'Country' (Play for Today, BBC, tx. 20/10/1981) was Trevor Griffiths' first new play for television since 'Through the Night' (Play for Today, BBC, tx. 2/12/1975) and in the intervening period he had turned to the serial format, including original work like Bill Brand (ITV, 1976) and the adaptation of
Lawrence's Sons and Lovers (BBC, 1981). Indeed, 'Country' was itself originally planned as the first play in a series named Tory Stories, which would examine the development of Conservative politics up until the 1979 election. This plan
proved unworkable, and so Country became a standalone play, but it is partly these origins within a more ambitious framework that make it such a thematically rich and allusive work.

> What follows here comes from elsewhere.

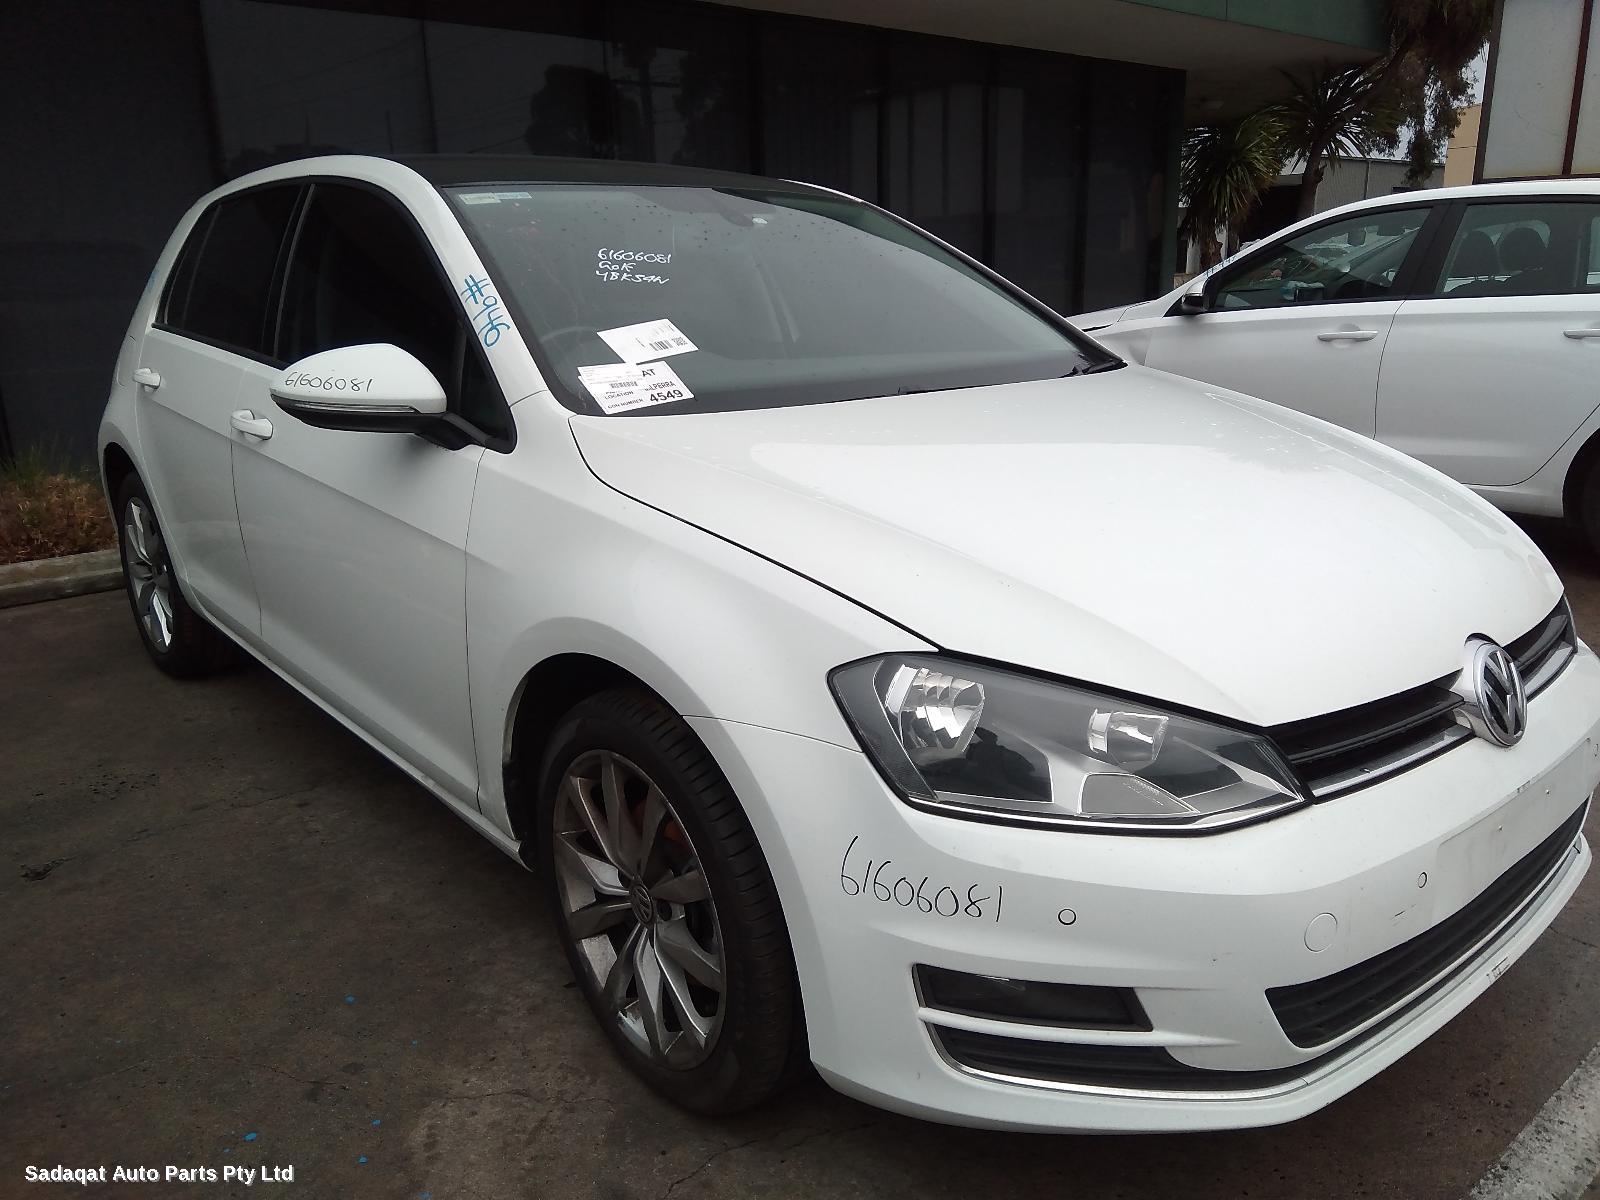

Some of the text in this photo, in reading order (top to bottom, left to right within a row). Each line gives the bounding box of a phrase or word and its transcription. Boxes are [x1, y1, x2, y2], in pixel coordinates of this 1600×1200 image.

[597, 248, 671, 264] 61606081
[285, 371, 373, 392] 61606081
[649, 389, 684, 403] 4549
[841, 835, 1002, 923] 61606081

'Country' was made entirely on film, and Richard Eyre's beautiful direction
places it squarely in the tradition of 'quality' period drama, with lingering shots of the family mansion and grounds, perfect period costume, and familiar 'name' actors such as Leo McKern and Jill Bennett. Yet the play is politically powerful because its action undercuts the surface beauty and superficially genteel manners, and is the polar opposite of nostalgic work such as Brideshead
Revisited (ITV, 1981), the second episode of which was scheduled against 'Country'.
The Carlion family (named after the Corleones in the Godfather films) is
emotionally empty, concerned solely with ensuring the future of the family firm
and maintaining the exercise of power. Second son Philip (James Fox) is drawn
back into the Carlion machine following the death of his elder brother (another Godfather parallel), and swiftly identifies the new enemy that must be defeated if the firm is to continue. The scenes where the Carlions listen to the election results recall those scenes in war films where families gather around the radio
listening to Chamberlain announcing the start of World War II, and they serve the same purpose: here, war is being declared on the Carlions by the working classes.
The play was influenced by Griffiths' translation of Chekhov's The Cherry
Orchard, the television version of which (BBC, tx. 13/10/1981) was also directed
by Richard Eyre and transmitted only a week earlier. Chekhov was traditionally
perceived to be offering a lament to the decline of the aristocracy, but
Griffiths' rediscovery of the political subtleties of Chekhov's work clearly
paved the way for 'Country', a play that remains a chilling analysis of class
power and entrenchment, and a remarkable critique of nascent Thatcherism.